-- SUPPLIED INFORMATION follows --
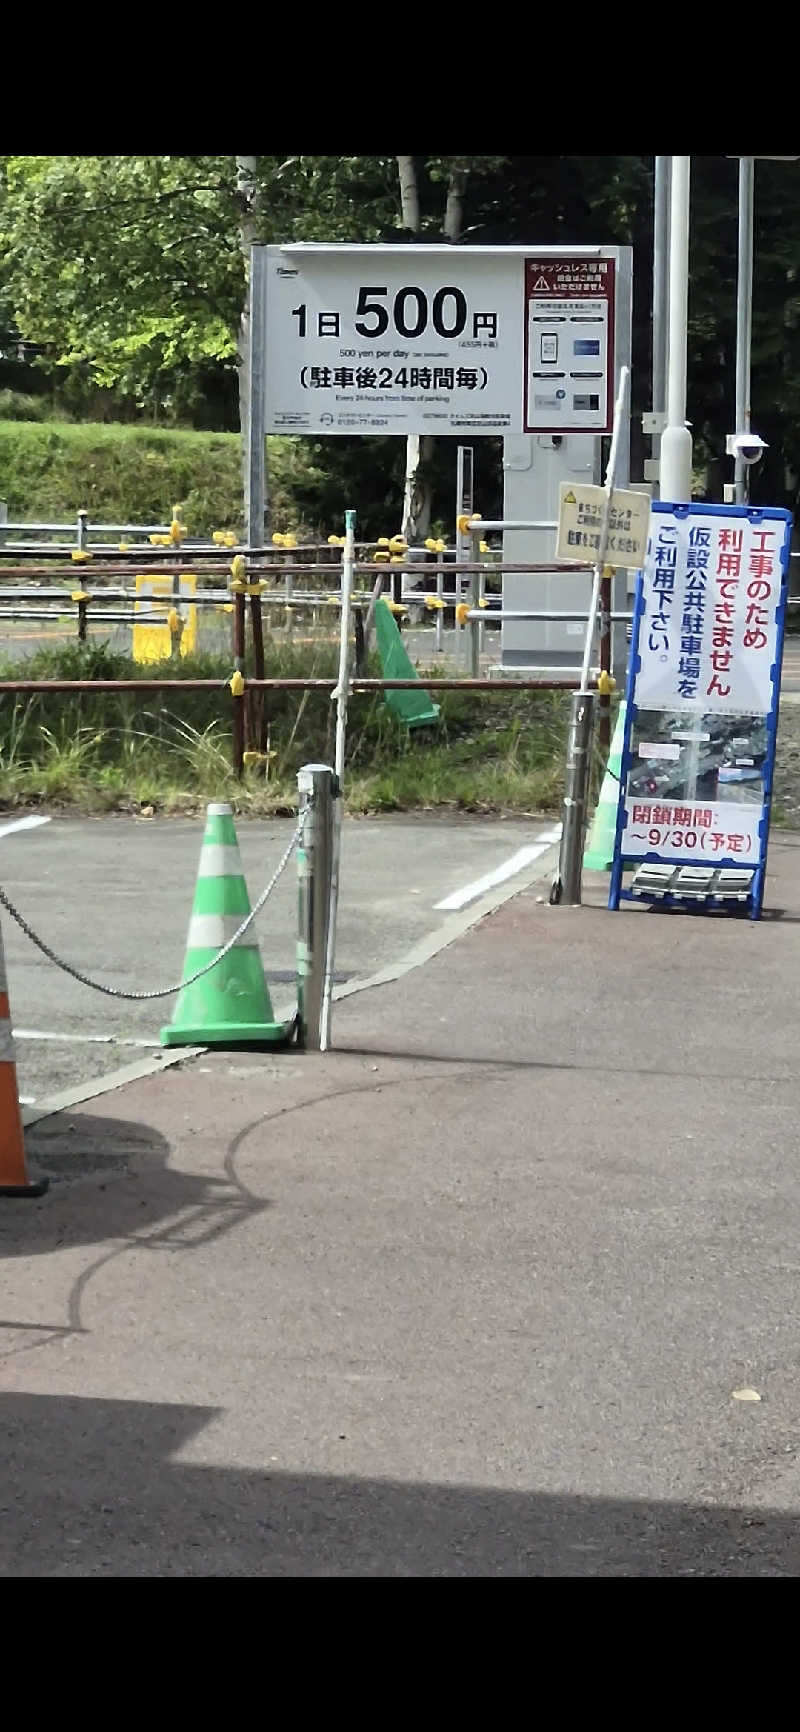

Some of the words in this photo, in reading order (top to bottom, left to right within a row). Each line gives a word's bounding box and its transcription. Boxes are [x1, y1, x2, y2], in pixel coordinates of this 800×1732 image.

[300, 366, 488, 390] (駐車後24時間毎)
[339, 349, 356, 358] 500
[358, 350, 374, 359] yen
[376, 350, 390, 359] per
[392, 349, 410, 359] day
[649, 525, 678, 663] ご利用下さい。
[676, 526, 712, 699] 仮設公共駐車場を
[706, 528, 744, 697] 利用できません
[742, 530, 776, 650] 工事のため
-- SUPPLIED INFORMATION concluded --
This calls for each record above to be set down exactly, with the images skipped.

• [TASK RESULT]
Some of the words in this photo, in reading order (top to bottom, left to right within a row). Each line gives a word's bounding box and its transcription. Boxes are [x1, y1, x2, y2], in pixel coordinates of this 800×1732 image.

[300, 366, 488, 390] (駐車後24時間毎)
[339, 349, 356, 358] 500
[358, 350, 374, 359] yen
[376, 350, 390, 359] per
[392, 349, 410, 359] day
[649, 525, 678, 663] ご利用下さい。
[676, 526, 712, 699] 仮設公共駐車場を
[706, 528, 744, 697] 利用できません
[742, 530, 776, 650] 工事のため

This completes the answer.